Now referring to the mounting assembly which was previously mentioned. The mounting assembly includes the following: pivotal mounting means 42 for pivotally mounting auxiliary receptacle 22 to sidewall 14 of toiletry receptacle 11; releasable securing means 44 to releasably secure auxiliary receptacle 22 into a first closed position, as shown in phantom in FIG. 1; and securing means 46 for securing auxiliary receptacle 22 in a second open position, as also shown in FIG. 1.
In looking at releasable securing means 44, in FIG. 1, auxiliary receptacle 22 is releasably secured in a first or closed position by both a wall portion 48 disposed on sidewall 14 which defines substantially the outside configuration and dimensions of a substantial portion of auxiliary receptable 22 to frictionally receive the same to sidewall 14 and by pivotal mounting means 42 which includes pivotal members 50 attached to toiletry receptacle 11 and which mechanically engage auxiliary receptacle in a conventional manner such as a pin inserting into an opening or the like. Securing means 44 maintains auxiliary receptacle 22 in a closed position.
In looking at securing means 46 for securing auxiliary receptacle 22 into a second open position, in FIG. 1, it includes pivotal mounting means 42, as discussed above, and a stop member. A stop member can be numerous conventional devices which will keep auxiliary receptacle 22 from moving downwardly any further than its open position. In the example of stop member in the drawings, it includes slots 52 on either side of toiletry receptacle sidewall 14 as seen in FIG. 1, and slot 54 at the bottom of said sidewall 14, as seen in FIG. 3, for receiving auxiliary receptacle sidewalls 56 and 58. Positioning sidewalls 56 and 58 into slots 52 thereby positions auxiliary receptacle sidewall 60, as seen in phantom in FIG. 1 and seen in FIG. 3, behind and abutting toiletry receptacle sidewall 14. This structure configuration prevents auxiliary receptacle 22 from downwardly moving from the open or second position. Once again many other conventional stop members can be used.

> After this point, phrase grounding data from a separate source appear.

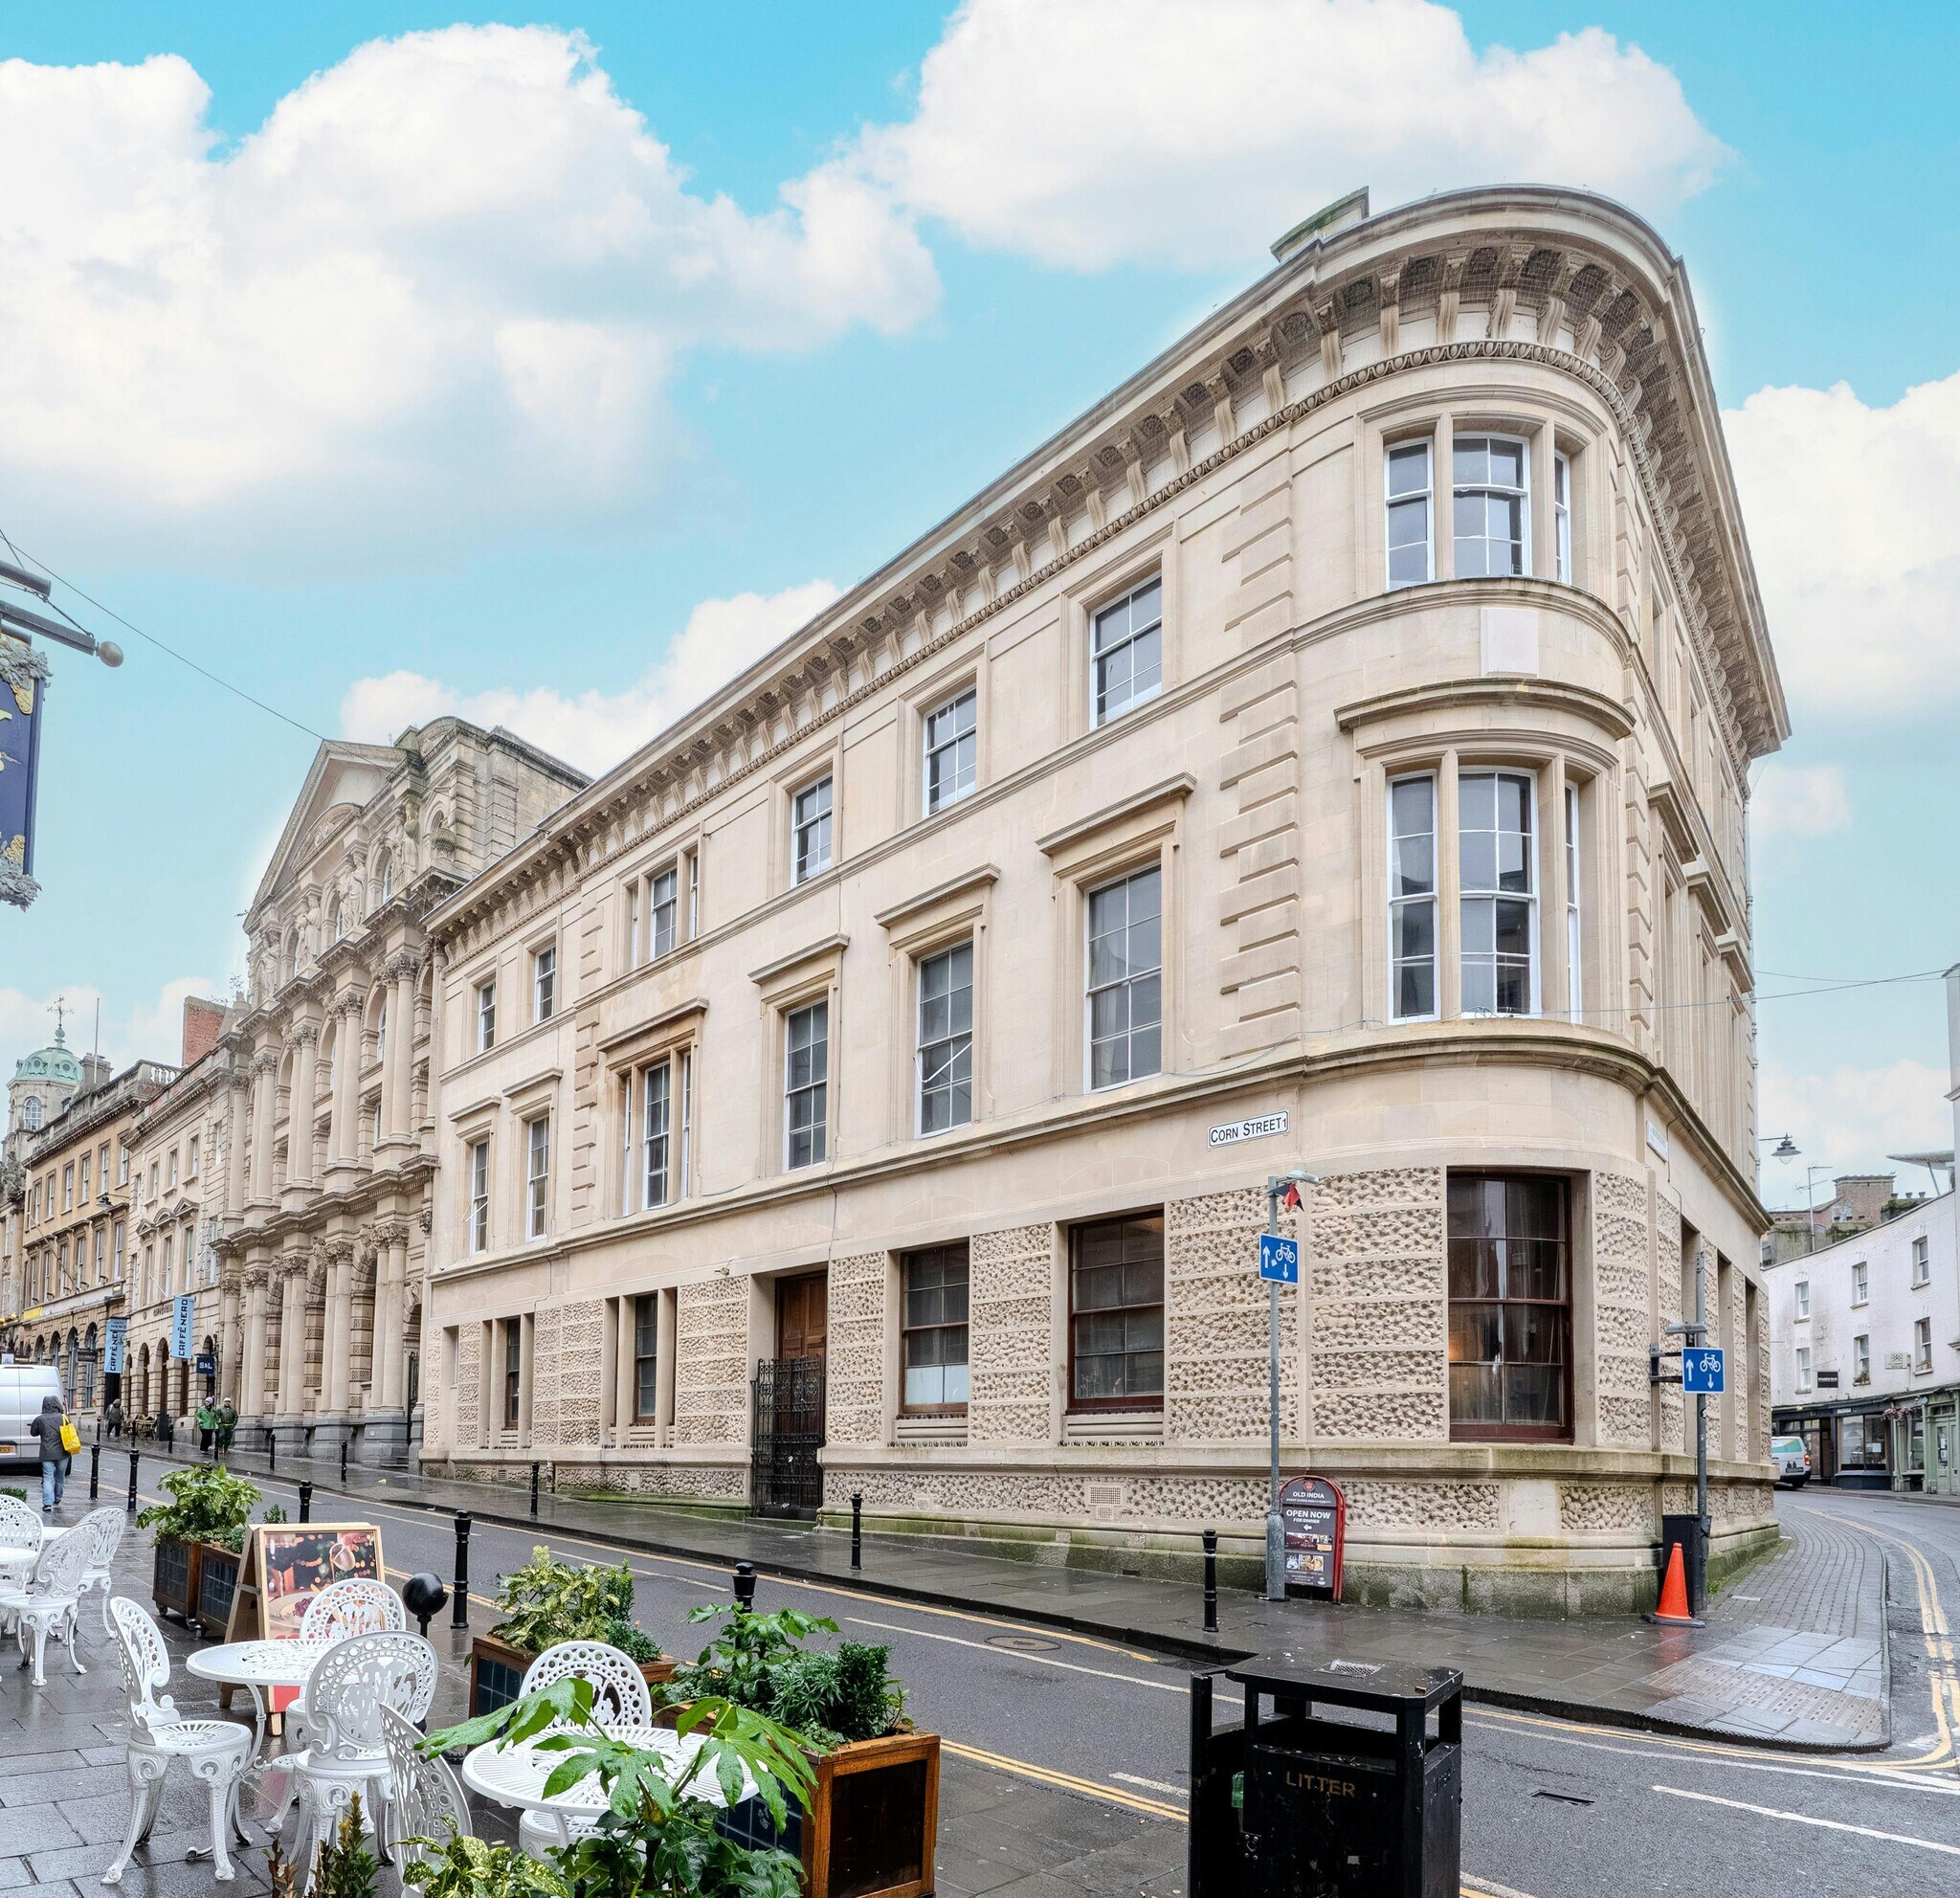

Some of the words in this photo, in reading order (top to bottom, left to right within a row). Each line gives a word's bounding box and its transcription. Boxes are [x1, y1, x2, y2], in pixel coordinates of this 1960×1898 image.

[1242, 1117, 1282, 1136] STREET
[180, 1299, 189, 1326] NERO
[1286, 1509, 1309, 1518] OPEN
[1285, 1771, 1356, 1798] LITTER
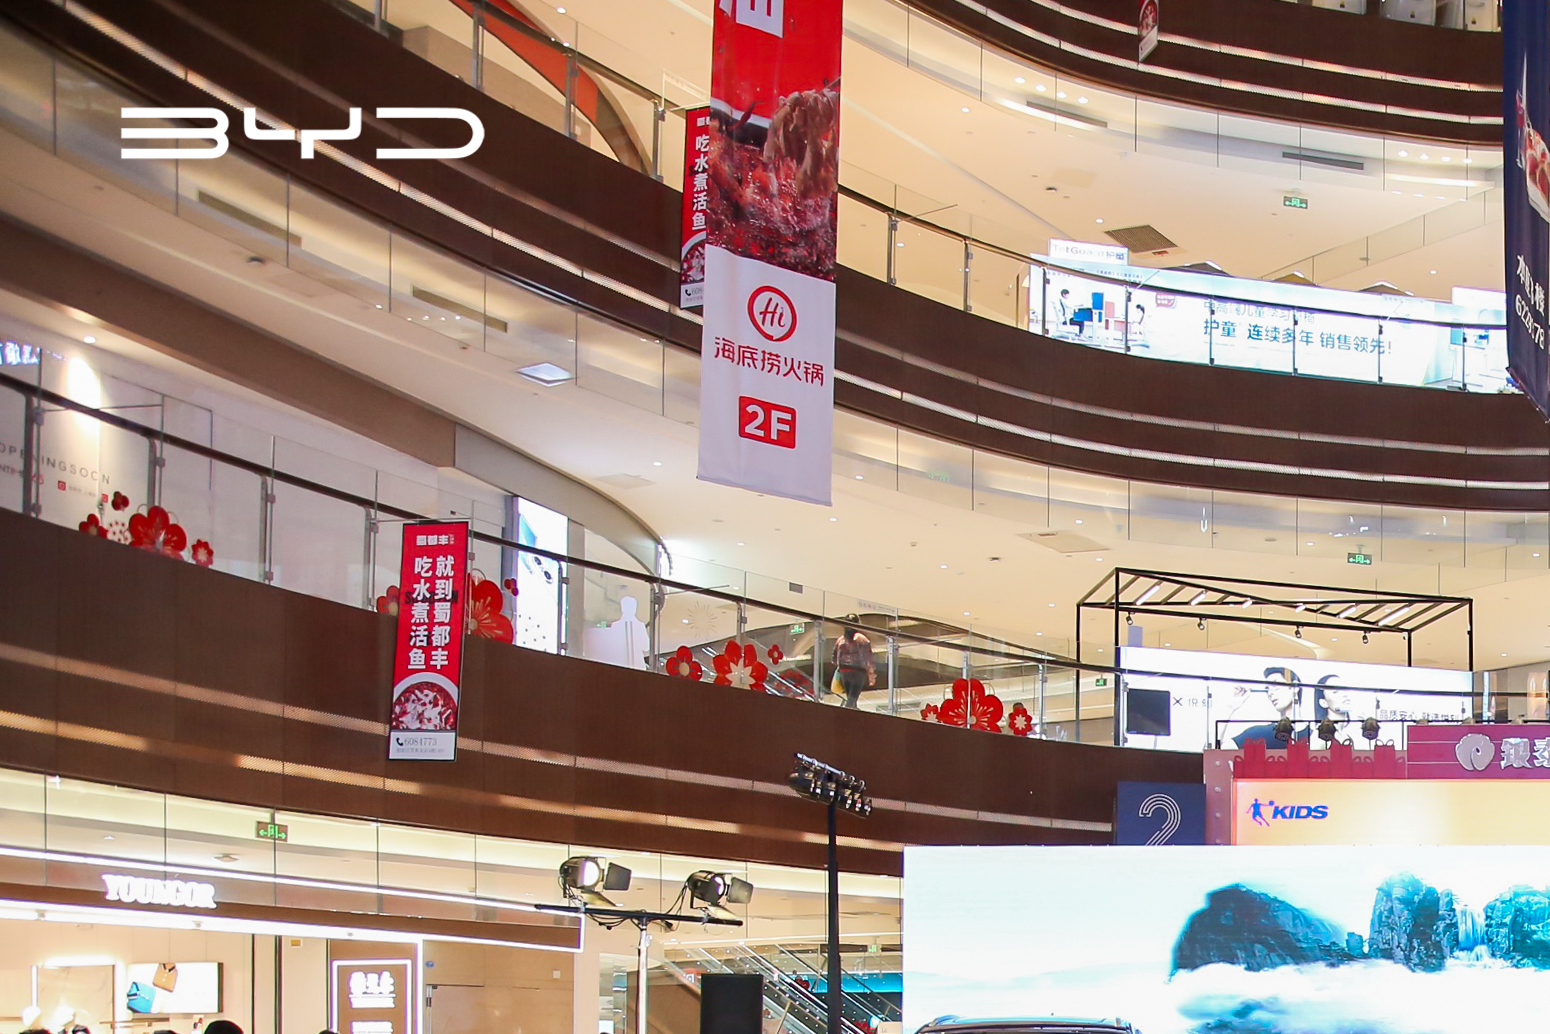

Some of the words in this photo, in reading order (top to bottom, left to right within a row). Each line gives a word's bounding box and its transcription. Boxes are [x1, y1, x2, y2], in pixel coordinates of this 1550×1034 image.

[691, 133, 710, 231] 吃水煮活鱼
[759, 296, 787, 328] Hi
[1203, 317, 1237, 338] 护童
[1247, 323, 1315, 346] 连续多年
[713, 336, 825, 387] 海底捞火锅
[743, 403, 793, 441] 2F
[407, 555, 434, 670] 吃水煮活鱼
[429, 554, 455, 671] 就到蜀都丰
[1271, 804, 1329, 820] KIDS
[102, 873, 218, 909] YOUNGOR
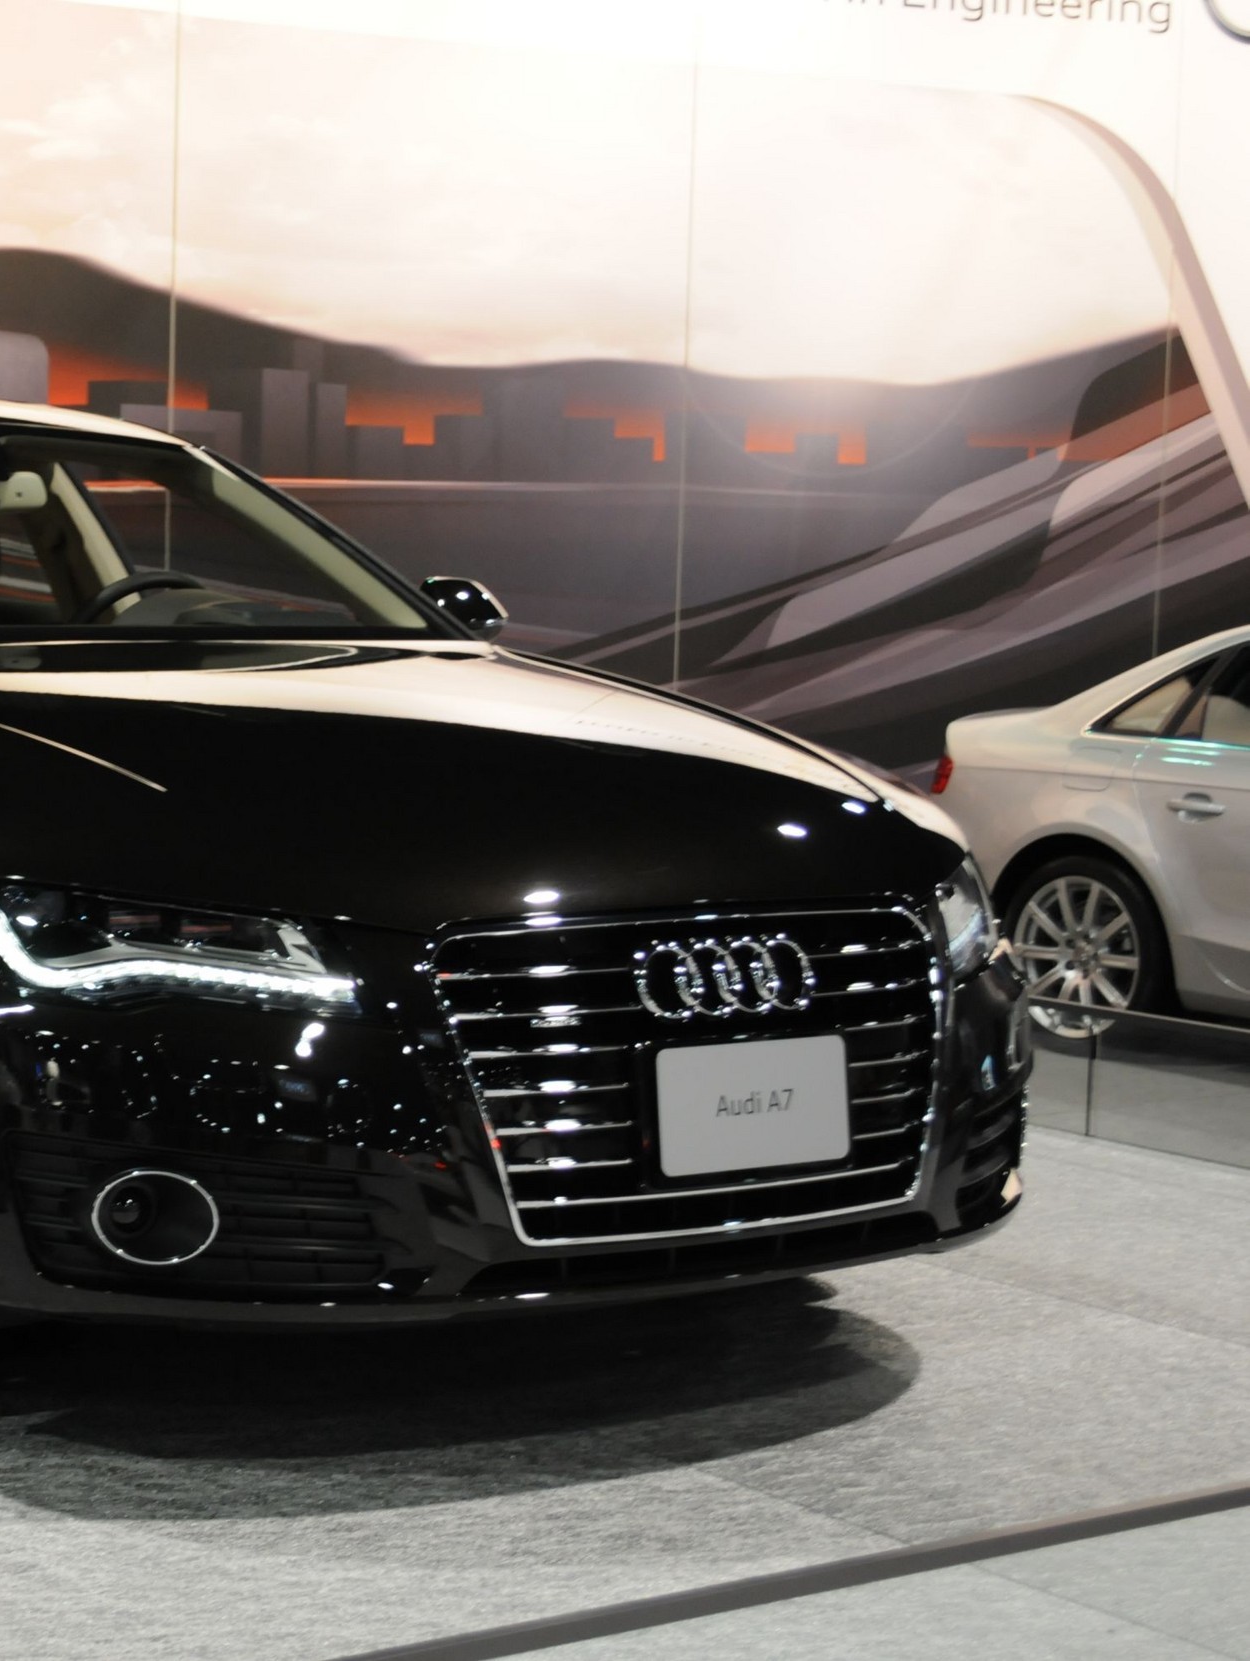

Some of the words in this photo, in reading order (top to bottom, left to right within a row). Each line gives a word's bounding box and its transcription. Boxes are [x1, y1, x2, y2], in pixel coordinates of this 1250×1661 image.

Other embodiments of portable soap caddy assemblies can be seen in FIGS. 5, 6 and 7. Auxiliary receptacle 22, as seen in FIG. 5, has sidewall 26, bottom 32 and opening 24, seen in FIG. 1 more clearly. Means for mounting 62 auxiliary receptacle 22 to toiletry receptacle 11 is seen enlarged in FIG. 5A. Mounting means 62 can maintain auxiliary receptacle 22 in closed relationship with toiletry receptacle 11, as seen if FIG. 5. Such mounting means 62 is shown as a conventional latch assembly 64, as seen in FIG. 5A, having resilient female member 66 receiving resilient male member 68. Many other conventional mounting means 62 are contemplated such as providing a snap fit between auxiliary receptacle 22 and toiletry receptacle 11, and many other conventional constructions.
In the embodiment in FIG. 5, holding means is provided which is pivot mounting means 72 which pivotally mounts auxiliary receptacle 22 to toiletry receptacle 11. This can be a number of various pivot constructions such as a pin received by a hole. Thus, this construction permits auxiliary receptacle 22 to be positioned in a closed position to toiletry receptacle 11, as seen in phantom in FIG. 5 and permits auxiliary receptacle 22 to be moved to an opened position to rest against sidewall 14. Further securement can be provided if desired by adding resilient securing tabs 84 to further secure auxiliary receptacle 22 to sidewall 14.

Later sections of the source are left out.